Sunday, October 5, 2014

Sometimes I Wonder

The climb up Malmaison Road
It was a perfect day for running or at least as perfect as a day can get this time of year. The clouds that brought last night's rain were clearing fast and although the air was still humid, the forecast and expectation were of dryer, runner-friendlier air moving in before the run would end.
I locked my truck on Malmaison Road and began shuffling towards the Carroll County Hills at an embarrassingly lazy 10:38 that morning. Within twenty minutes I was climbing out of the flat delta into the loess bluffs of what we here call "the hills." The plan was far from ambitious. I just wanted to go a bit over ten miles, and since "long" and "fast" and "hard" and "easy" are relative terms, this would be my first "long" run in a long time, since last December when I stress-fractured myself in a foolish but fun effort to run from home to Winona. Fun it was before the pain started.
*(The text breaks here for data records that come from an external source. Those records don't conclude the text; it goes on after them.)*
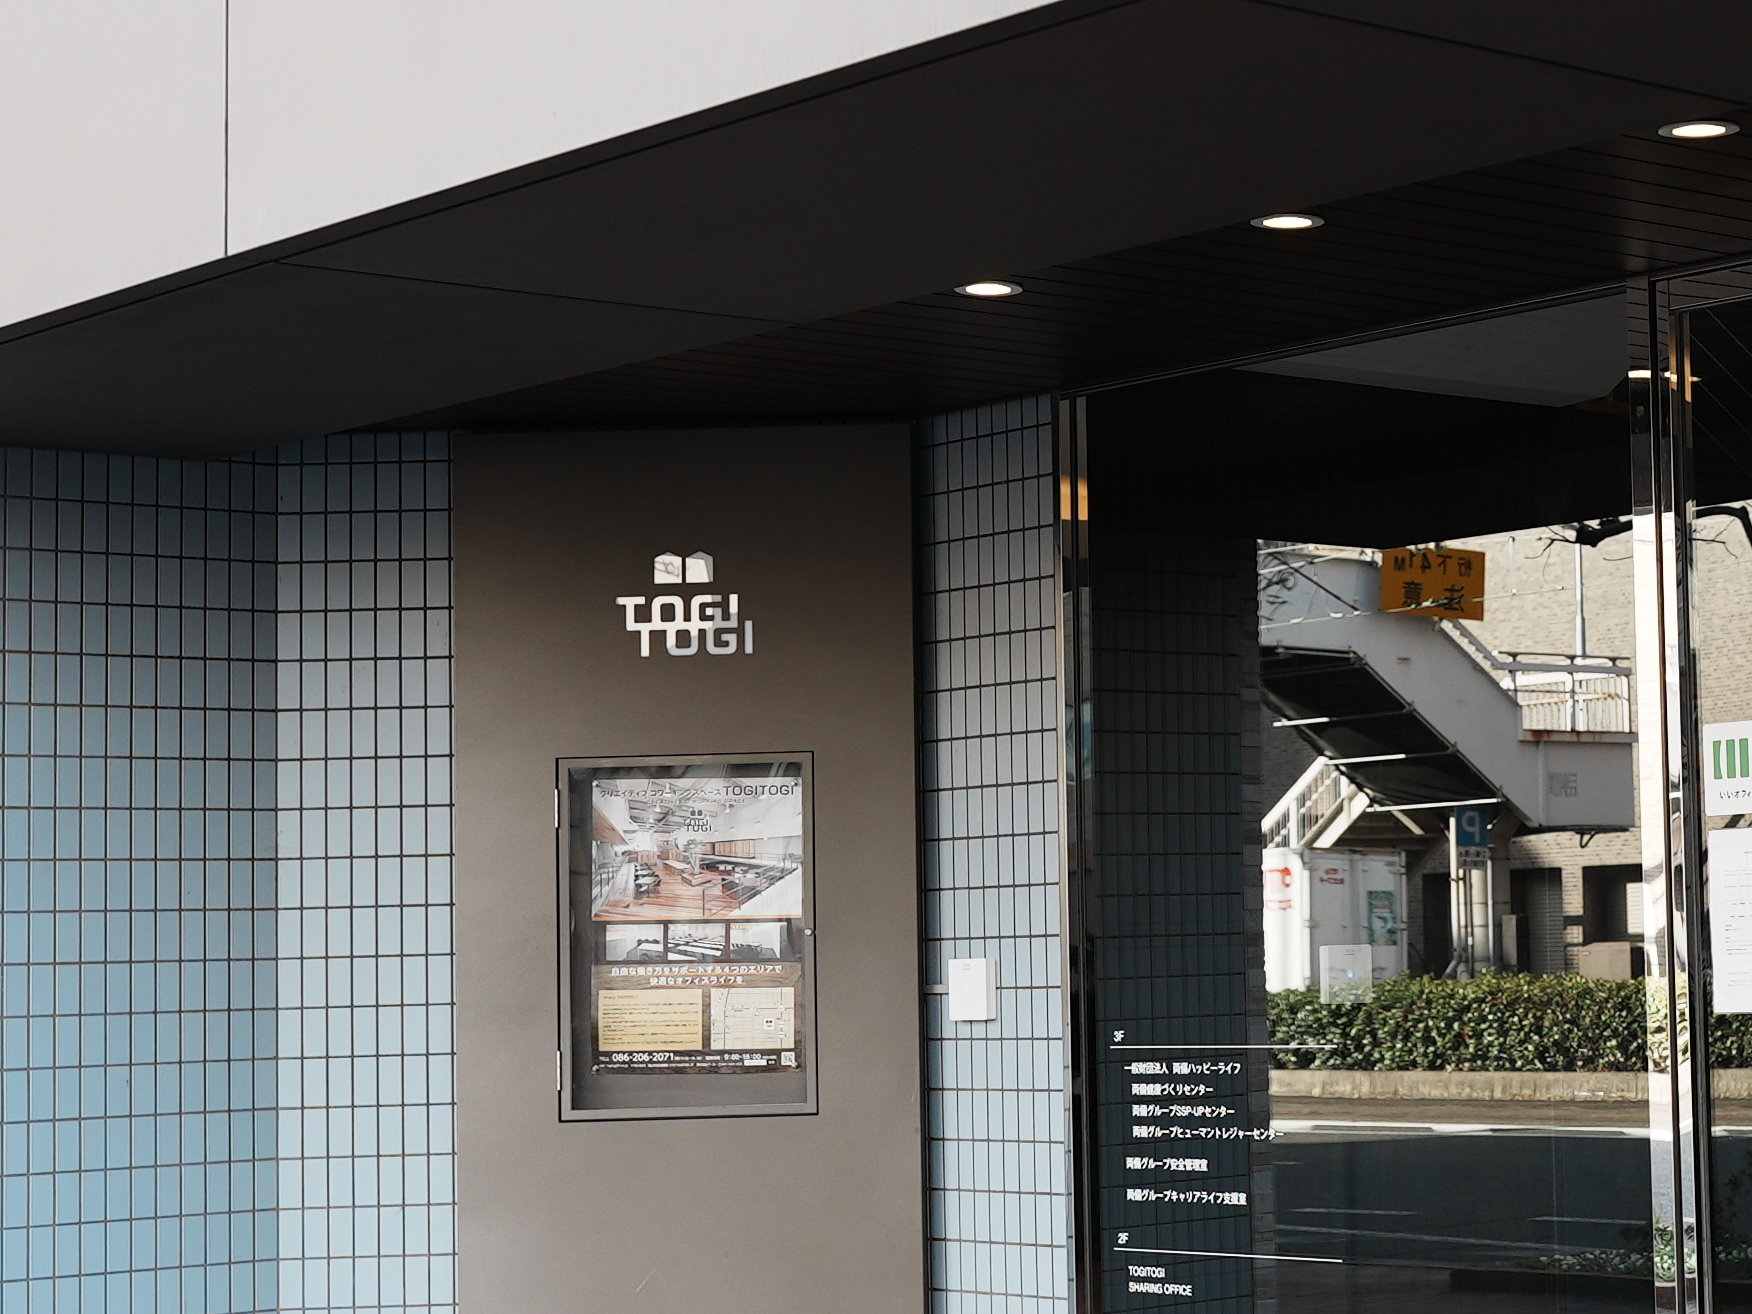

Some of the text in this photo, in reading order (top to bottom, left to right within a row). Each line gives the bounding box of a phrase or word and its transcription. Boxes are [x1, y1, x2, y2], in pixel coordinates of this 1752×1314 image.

[614, 593, 739, 631] TOGI
[626, 619, 753, 657] TOGI
[723, 784, 795, 798] TOGITOGI
[1113, 1030, 1125, 1043] 3F
[1117, 1232, 1130, 1245] 2F
[1128, 1265, 1166, 1278] TOGITOGI
[1128, 1281, 1193, 1296] SHARING OFFICE
The road bed was damp but not wet and the moisture made for softer footfalls. Perfect. My legs felt flat, however, and I seemed unfit as my already turtle pace slowed to a pathetic 12:00 minute mile while I climbed the big hill, the one that runs out of the flatlands and into the bluffs above. Stopping a couple of times, I snapped pictures of the view from my lofty position overlooking the flat farmland below. Soon the delta was gone, and all that was left was a lonely gravel road. The best kind. The kind I like.

My company for the run.
I drove away from home that morning wondering what sights and sounds would great me, accompany me on my journey. All I heard, however, were crickets and tree frogs. Although it was daytime and sunny, it sounded like a Southern summer night. Not a problem. I never heard a bird, a chattering squirrel, or a hawk that whole day. Not a crow or a dog or a deer, though I did once see two deer slink silently across the road ahead of me.
I took walk breaks approximately after every 2.5 miles of shuffling. There was almost no traffic out and the farther I went up the road the fewer the houses were. My only company, besides the trees and my thoughts, were some horses who seemed to find me a curiosity.

If those walls could talk.
It had been several years since I went this far up this road and it was almost as good as seeing it for the first time. I ran and walked a bit over six miles one way. Not knowing how far it was to Highway 35, I decided to turn around and head back. There were a couple of side roads I was interested in possibly shuffling on a bit on the way back. On one of the side roads I stumbled upon an old home place. I couldn't help but wonder about the lives lived there. We are only a generation away from people who won a living off the land in these hills. My dad was one of those and any hint of the old way reminds me of him.

A glimpse of the delta below.
At that old home place, I stopped and snapped a photo and became reflective. I wanted to walk up on the property and look around, but people don't take to kindly to trespassers anymore. I can still remember, when I was a young man, talking to old timers who made their living on small farms in these hills. I ran across these people on my job, back when I was a termite man and went everywhere checking and treating houses. That's the one thing I miss about that job: I rambled and met people and found roads. I have always loved roads. One house I went to was built by its inhabitants. The foundation was a series of stones quarried off the land and the beams under the house were ax-hewn, cut off the land by the old man back in the day. Their water came from a well he dug himself, with a shovel on top of a hill behind their house. They raised kids who got educated and moved to town. We call it progress. Sometimes I wonder.

When I made my way down the big hill, I got a glimpse of the delta below. It was impressive from my height and the picture here doesn't do it justice. I wondered also about the people who came here, to the delta when it was in its primeval state. What mosquitoes and snakes they must have found. What trees. What game. Now the land is tame and safe and sometimes dull.

I made it back to the truck with a little over 13 total miles on my legs. The running portion was 11.11. I fixed a recovery shake and drove away. But I didn't go home until I had driven up the hill I had just run and motored a few miles more down one of those side roads. I had to. They make me wonder.